- [WORK TASK]
With the pictures left out, write every entry down exactly.

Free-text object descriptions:
********

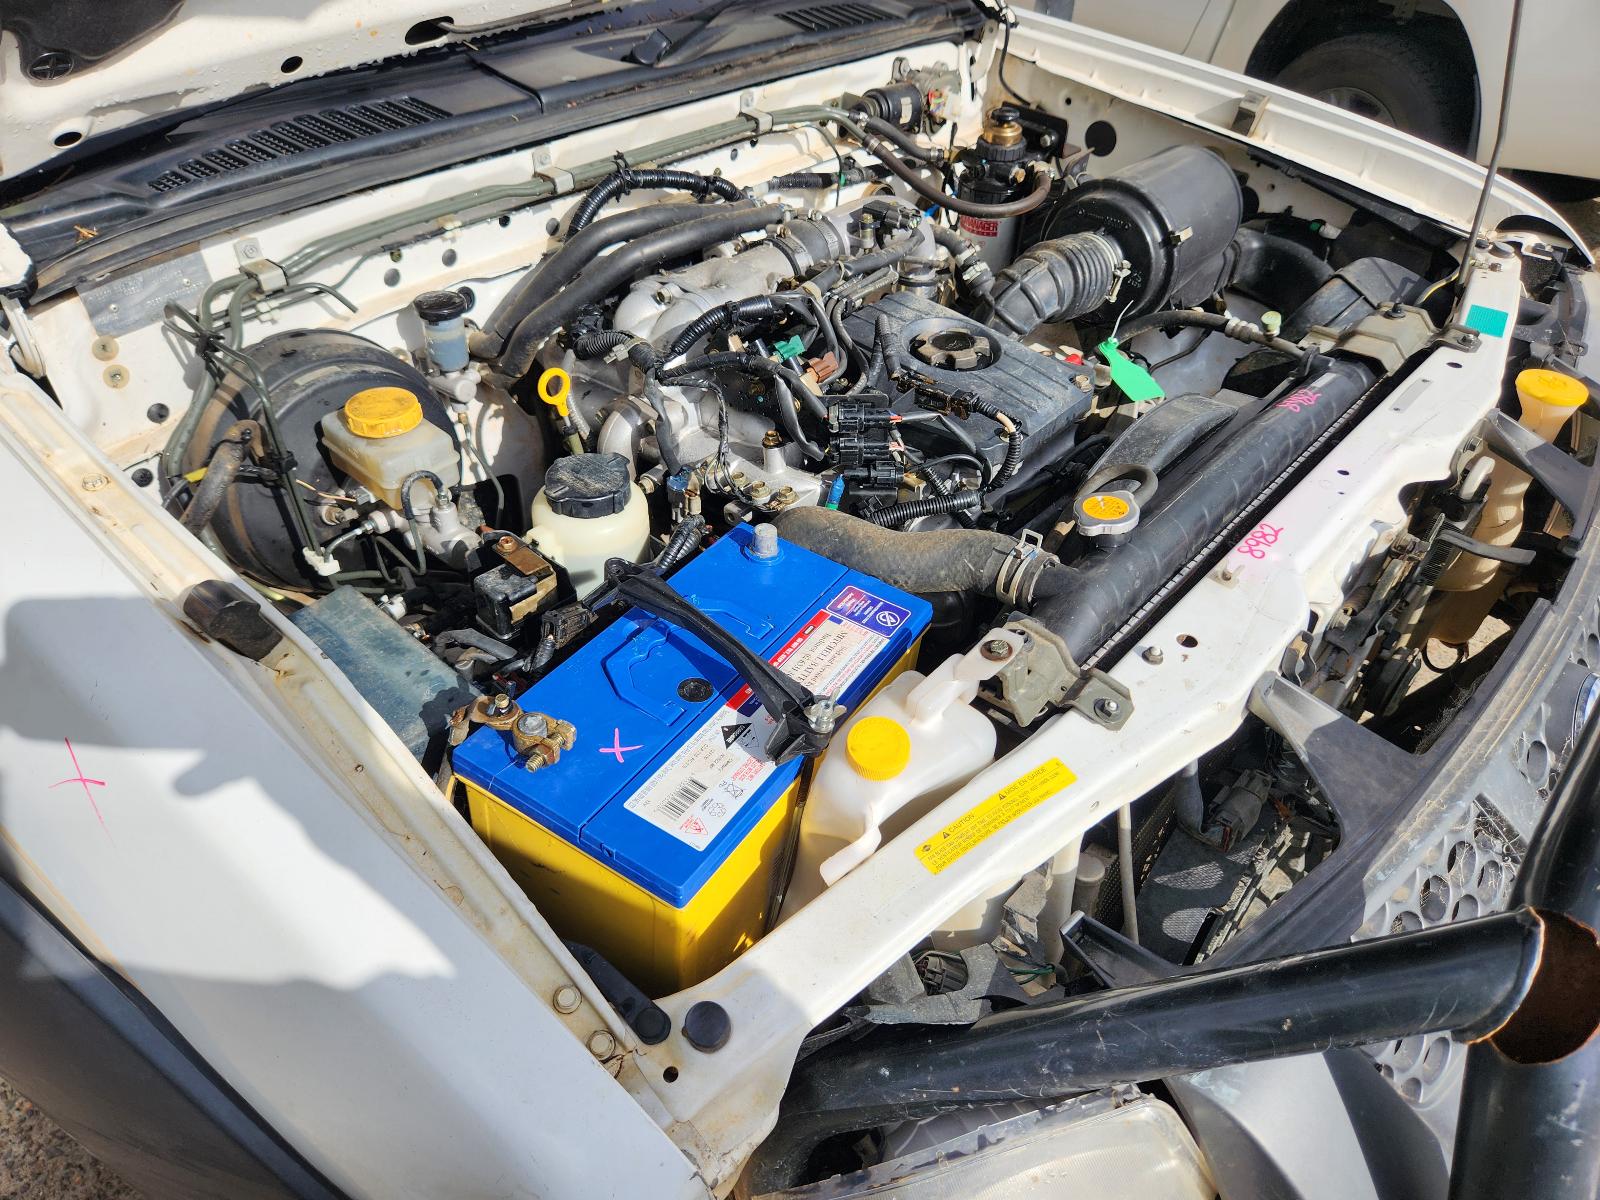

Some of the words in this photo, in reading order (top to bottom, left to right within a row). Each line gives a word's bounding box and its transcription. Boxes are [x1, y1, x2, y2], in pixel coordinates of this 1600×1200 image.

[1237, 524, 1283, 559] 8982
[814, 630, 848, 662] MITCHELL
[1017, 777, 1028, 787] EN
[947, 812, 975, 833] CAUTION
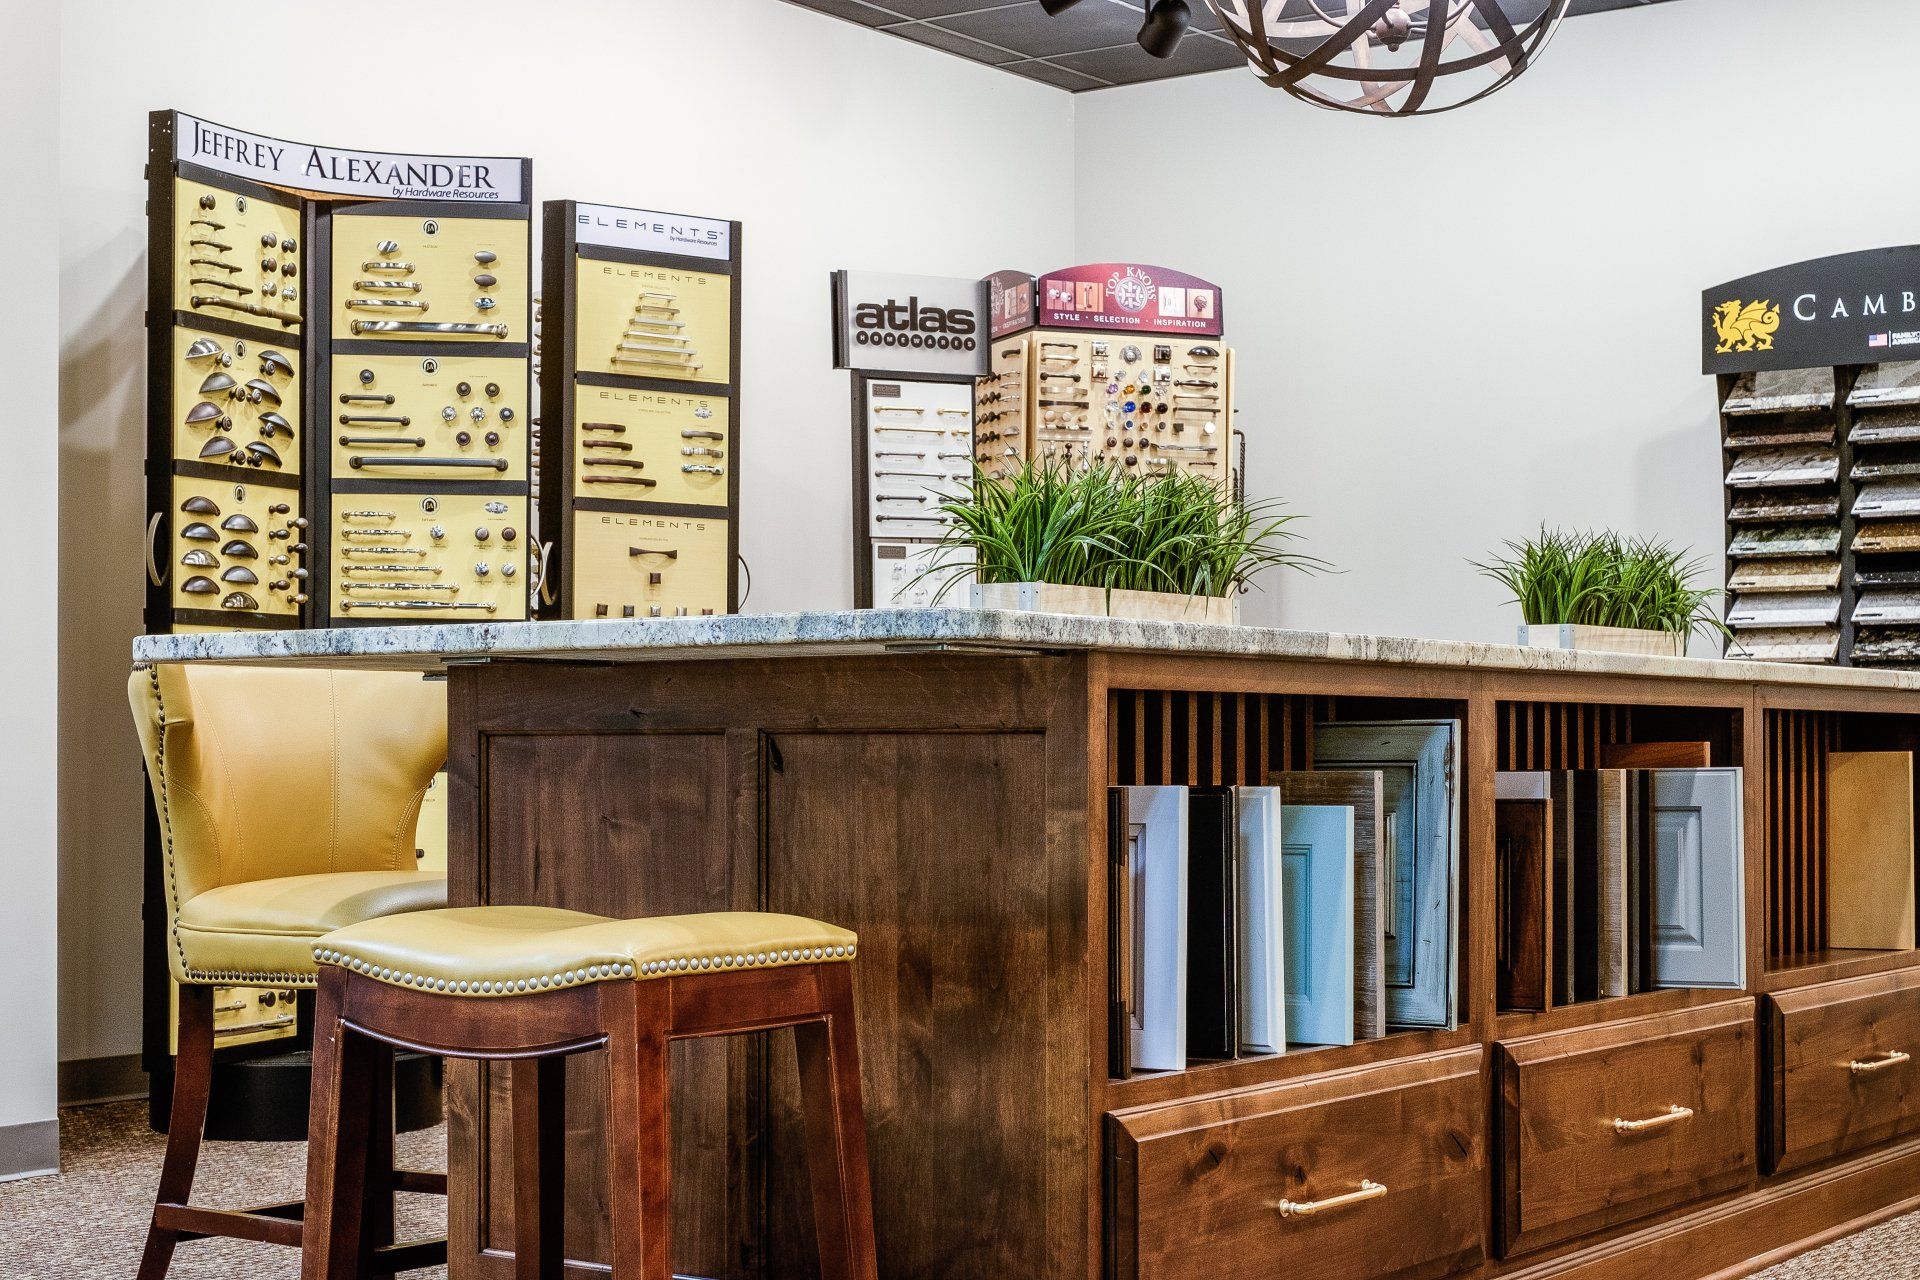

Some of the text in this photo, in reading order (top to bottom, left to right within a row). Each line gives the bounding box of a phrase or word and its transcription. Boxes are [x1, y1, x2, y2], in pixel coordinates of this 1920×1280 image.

********

- [ANSWER BELOW]
Some of the words in this photo, in reading order (top to bottom, left to right within a row). Each line gives a word's bounding box and its transcription. Boxes are [x1, y1, x2, y2], in pixel coordinates of this 1600×1200 image.

[1237, 524, 1283, 559] 8982
[814, 630, 848, 662] MITCHELL
[1017, 777, 1028, 787] EN
[947, 812, 975, 833] CAUTION

Some of the text in this photo, in reading order (top to bottom, left to right within a row). Each line gives the bounding box of a phrase or word and its transcription. Boxes are [x1, y1, x2, y2], in pixel coordinates of this 1920×1280 image.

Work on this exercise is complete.